● **DIRECTIONS FOR THIS TASK**
Copy out the entries word for word, leaving images aside.
RECORDS below:
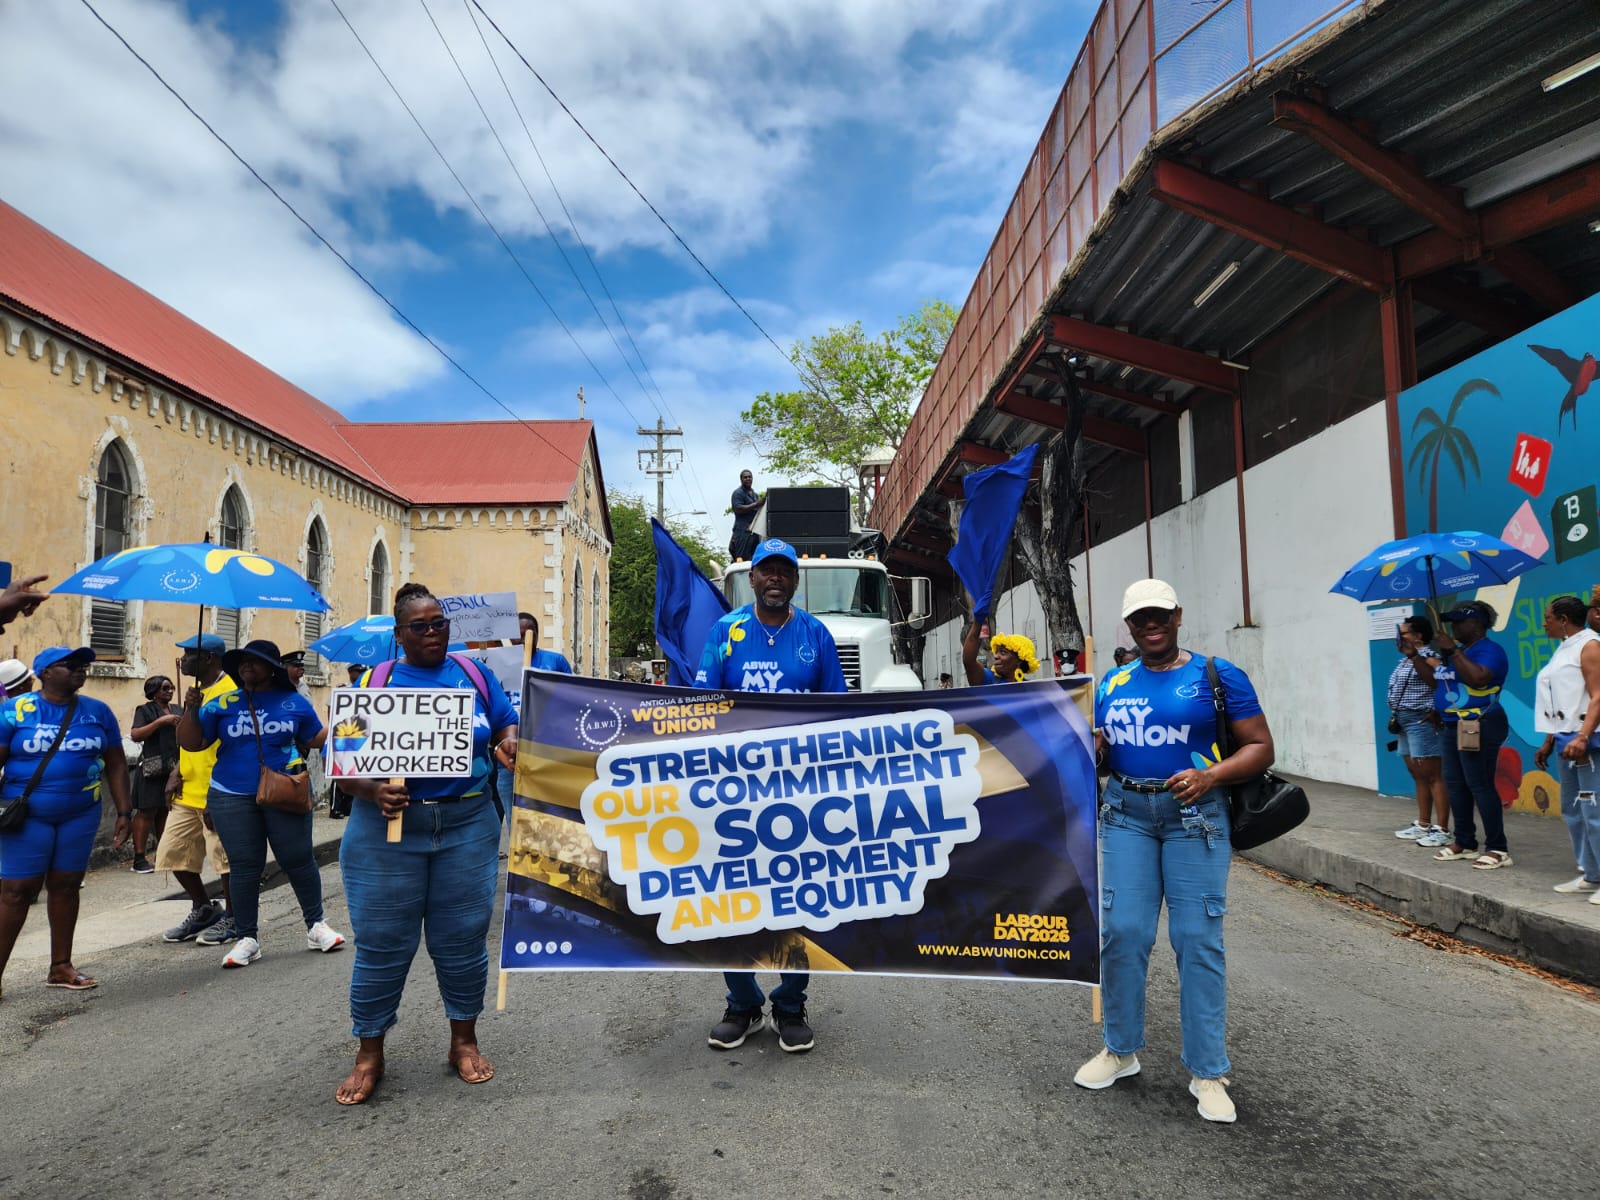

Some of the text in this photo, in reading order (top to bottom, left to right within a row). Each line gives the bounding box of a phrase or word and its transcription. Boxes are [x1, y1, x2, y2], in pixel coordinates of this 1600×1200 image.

[742, 661, 778, 671] ABWU
[741, 670, 784, 689] MY
[336, 694, 471, 715] PROTECT
[639, 693, 726, 707] ANTIGUA & BARBUDA
[1110, 697, 1149, 706] ABWU
[631, 699, 735, 722] WORKERS'
[1104, 705, 1154, 726] MY
[227, 720, 294, 738] UNION
[435, 717, 470, 730] THE
[652, 716, 716, 736] UNION
[370, 731, 469, 751] RIGHTS
[1101, 724, 1191, 747] UNION
[609, 719, 943, 787] STRENGTHENING
[353, 755, 469, 773] WORKERS
[592, 747, 967, 820] OUR COMMITMENT
[604, 784, 967, 871] TO SOCIAL
[639, 836, 941, 902] DEVELOPMENT
[670, 871, 918, 932] AND EQUITY
[995, 913, 1068, 929] LABOUR
[993, 927, 1071, 943] DAY2026
[918, 944, 1071, 961] WWW.ABWUNION.COM
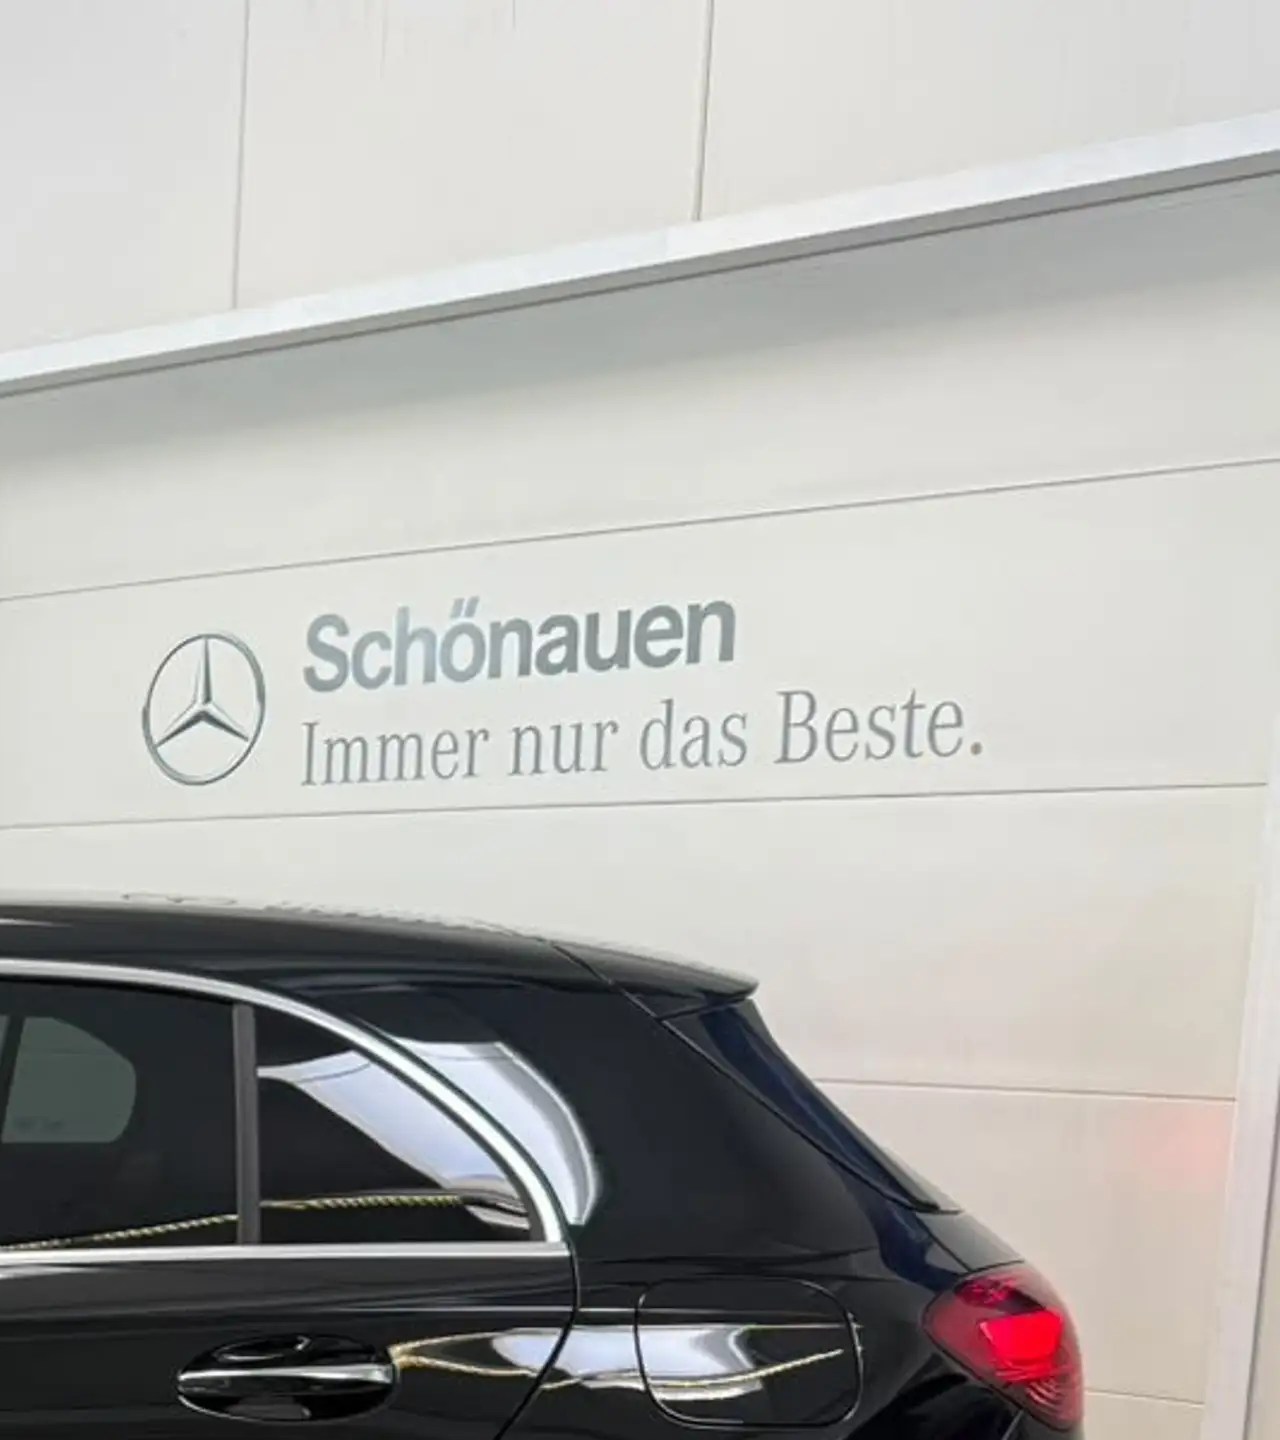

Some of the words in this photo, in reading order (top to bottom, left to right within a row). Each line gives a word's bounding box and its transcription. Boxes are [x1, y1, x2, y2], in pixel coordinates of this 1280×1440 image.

[303, 596, 736, 693] Schönauen
[300, 721, 489, 786] Immer
[507, 721, 620, 776] nur
[639, 698, 748, 771] das
[773, 688, 983, 764] Beste.
End of RECORDS.
● **REPLY**
Some of the text in this photo, in reading order (top to bottom, left to right within a row). Each line gives the bounding box of a phrase or word and its transcription. Boxes are [x1, y1, x2, y2], in pixel coordinates of this 1600×1200 image.

[742, 661, 778, 671] ABWU
[741, 670, 784, 689] MY
[336, 694, 471, 715] PROTECT
[639, 693, 726, 707] ANTIGUA & BARBUDA
[1110, 697, 1149, 706] ABWU
[631, 699, 735, 722] WORKERS'
[1104, 705, 1154, 726] MY
[227, 720, 294, 738] UNION
[435, 717, 470, 730] THE
[652, 716, 716, 736] UNION
[370, 731, 469, 751] RIGHTS
[1101, 724, 1191, 747] UNION
[609, 719, 943, 787] STRENGTHENING
[353, 755, 469, 773] WORKERS
[592, 747, 967, 820] OUR COMMITMENT
[604, 784, 967, 871] TO SOCIAL
[639, 836, 941, 902] DEVELOPMENT
[670, 871, 918, 932] AND EQUITY
[995, 913, 1068, 929] LABOUR
[993, 927, 1071, 943] DAY2026
[918, 944, 1071, 961] WWW.ABWUNION.COM

Some of the words in this photo, in reading order (top to bottom, left to right within a row). Each line gives a word's bounding box and its transcription. Boxes are [x1, y1, x2, y2], in pixel coordinates of this 1280×1440 image.

[303, 596, 736, 693] Schönauen
[300, 721, 489, 786] Immer
[507, 721, 620, 776] nur
[639, 698, 748, 771] das
[773, 688, 983, 764] Beste.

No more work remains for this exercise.